Tudo e Nada

Da liberdade de se estar triste

Não há direito a estarmos tristes. Não é crítica, até porque frequentemente apanho-me na mesma armadilha, afinal é por amor que o fazemos: vejo que a tristeza é recebida sempre com ataques. É urgente combatê-la. Desejamos ânimo. Muitas vezes recordamos as comparações que nos põem sempre em lugar de privilégio, quase ingratos por oposição. Lembramos as coisas boas, como se os outros as tivessem esquecido. Dizemos piadas, sedentos de sorrisos e gargalhadas. Mas a tristeza não vai. A tristeza costuma ser imune a tamanhas façanhas.

Ninguém diz «eu sei, deixa a tristeza entrar». Não quero me julguem masoquista, má nas horas livres, sem empatia. Por isso não o digo também.
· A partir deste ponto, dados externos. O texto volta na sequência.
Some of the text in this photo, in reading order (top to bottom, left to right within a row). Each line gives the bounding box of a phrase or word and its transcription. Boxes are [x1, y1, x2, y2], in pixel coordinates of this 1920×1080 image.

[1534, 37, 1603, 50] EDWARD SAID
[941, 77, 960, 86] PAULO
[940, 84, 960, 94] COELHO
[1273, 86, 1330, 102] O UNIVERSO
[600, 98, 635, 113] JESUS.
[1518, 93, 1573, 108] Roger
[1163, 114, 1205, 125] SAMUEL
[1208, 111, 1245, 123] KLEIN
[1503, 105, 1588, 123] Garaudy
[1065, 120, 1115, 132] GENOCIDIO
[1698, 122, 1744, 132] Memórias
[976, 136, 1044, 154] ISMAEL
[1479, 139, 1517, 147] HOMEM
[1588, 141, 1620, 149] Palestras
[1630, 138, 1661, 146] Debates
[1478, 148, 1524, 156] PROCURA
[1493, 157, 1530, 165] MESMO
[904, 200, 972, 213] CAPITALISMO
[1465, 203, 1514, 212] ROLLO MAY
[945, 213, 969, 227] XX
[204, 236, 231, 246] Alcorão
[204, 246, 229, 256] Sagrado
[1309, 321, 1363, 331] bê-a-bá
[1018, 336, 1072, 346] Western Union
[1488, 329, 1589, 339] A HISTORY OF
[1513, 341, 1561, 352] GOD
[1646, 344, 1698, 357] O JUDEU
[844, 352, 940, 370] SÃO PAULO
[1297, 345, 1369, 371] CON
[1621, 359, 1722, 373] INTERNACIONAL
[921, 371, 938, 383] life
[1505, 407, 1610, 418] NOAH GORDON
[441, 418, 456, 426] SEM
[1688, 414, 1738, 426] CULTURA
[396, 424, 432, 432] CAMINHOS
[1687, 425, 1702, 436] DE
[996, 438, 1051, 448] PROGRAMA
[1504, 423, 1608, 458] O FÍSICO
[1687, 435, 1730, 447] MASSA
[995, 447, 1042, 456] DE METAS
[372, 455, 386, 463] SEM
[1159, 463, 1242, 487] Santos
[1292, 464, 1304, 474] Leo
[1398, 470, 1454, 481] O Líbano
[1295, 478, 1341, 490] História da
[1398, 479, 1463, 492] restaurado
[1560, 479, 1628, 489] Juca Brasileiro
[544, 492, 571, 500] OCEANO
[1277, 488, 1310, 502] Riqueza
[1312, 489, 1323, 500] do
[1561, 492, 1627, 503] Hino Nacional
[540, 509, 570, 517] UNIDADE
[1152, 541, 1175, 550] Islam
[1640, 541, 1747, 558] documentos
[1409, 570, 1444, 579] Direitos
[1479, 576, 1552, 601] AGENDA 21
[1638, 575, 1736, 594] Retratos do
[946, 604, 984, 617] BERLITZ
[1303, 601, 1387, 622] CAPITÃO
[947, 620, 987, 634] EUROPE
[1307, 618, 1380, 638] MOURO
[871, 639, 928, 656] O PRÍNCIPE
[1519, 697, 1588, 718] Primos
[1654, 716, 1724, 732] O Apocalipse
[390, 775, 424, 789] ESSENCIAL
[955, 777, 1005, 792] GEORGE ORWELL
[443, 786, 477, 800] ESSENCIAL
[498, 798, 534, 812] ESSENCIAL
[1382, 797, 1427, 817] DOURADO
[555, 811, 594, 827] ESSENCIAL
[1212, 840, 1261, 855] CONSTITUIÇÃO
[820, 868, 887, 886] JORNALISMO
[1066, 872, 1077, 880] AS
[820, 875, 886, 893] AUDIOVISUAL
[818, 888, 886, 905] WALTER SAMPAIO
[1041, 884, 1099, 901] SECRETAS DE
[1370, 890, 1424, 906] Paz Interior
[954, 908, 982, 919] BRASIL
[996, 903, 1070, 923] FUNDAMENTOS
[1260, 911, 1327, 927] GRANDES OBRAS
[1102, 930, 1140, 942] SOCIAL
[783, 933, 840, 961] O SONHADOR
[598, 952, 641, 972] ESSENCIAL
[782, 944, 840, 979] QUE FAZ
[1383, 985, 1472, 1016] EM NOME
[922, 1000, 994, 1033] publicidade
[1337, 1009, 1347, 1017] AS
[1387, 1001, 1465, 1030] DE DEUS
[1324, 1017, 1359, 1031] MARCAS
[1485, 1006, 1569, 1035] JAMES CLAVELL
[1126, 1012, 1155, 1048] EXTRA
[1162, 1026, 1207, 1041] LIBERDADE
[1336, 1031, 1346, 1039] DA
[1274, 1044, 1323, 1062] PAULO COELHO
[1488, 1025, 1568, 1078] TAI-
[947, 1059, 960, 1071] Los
E não partilho quando a tristeza me toca. Não quero receber ânimo, já sei que não se fica. Fecho a tristeza na minha casa, instalo-a no sofá da sala. Deixo-a entrar. Convido-a para um café. Pergunto-lhe «então, que te traz cá?» às vezes cansada de saber a resposta, outras com curiosidade genuína de quem se surpreendeu com a campainha. Mas deixo-a entrar porque mesmo quando lhe dou ânimo, quando tenho calma, quando lhe digo piadas, quando a enxuto com o bem que tenho e o bem que quero, ela entra e até faz mais mossa do quando a assumo, quando a desconstruo, quando lhe explico que em casas felizes há sempre dias sem luz.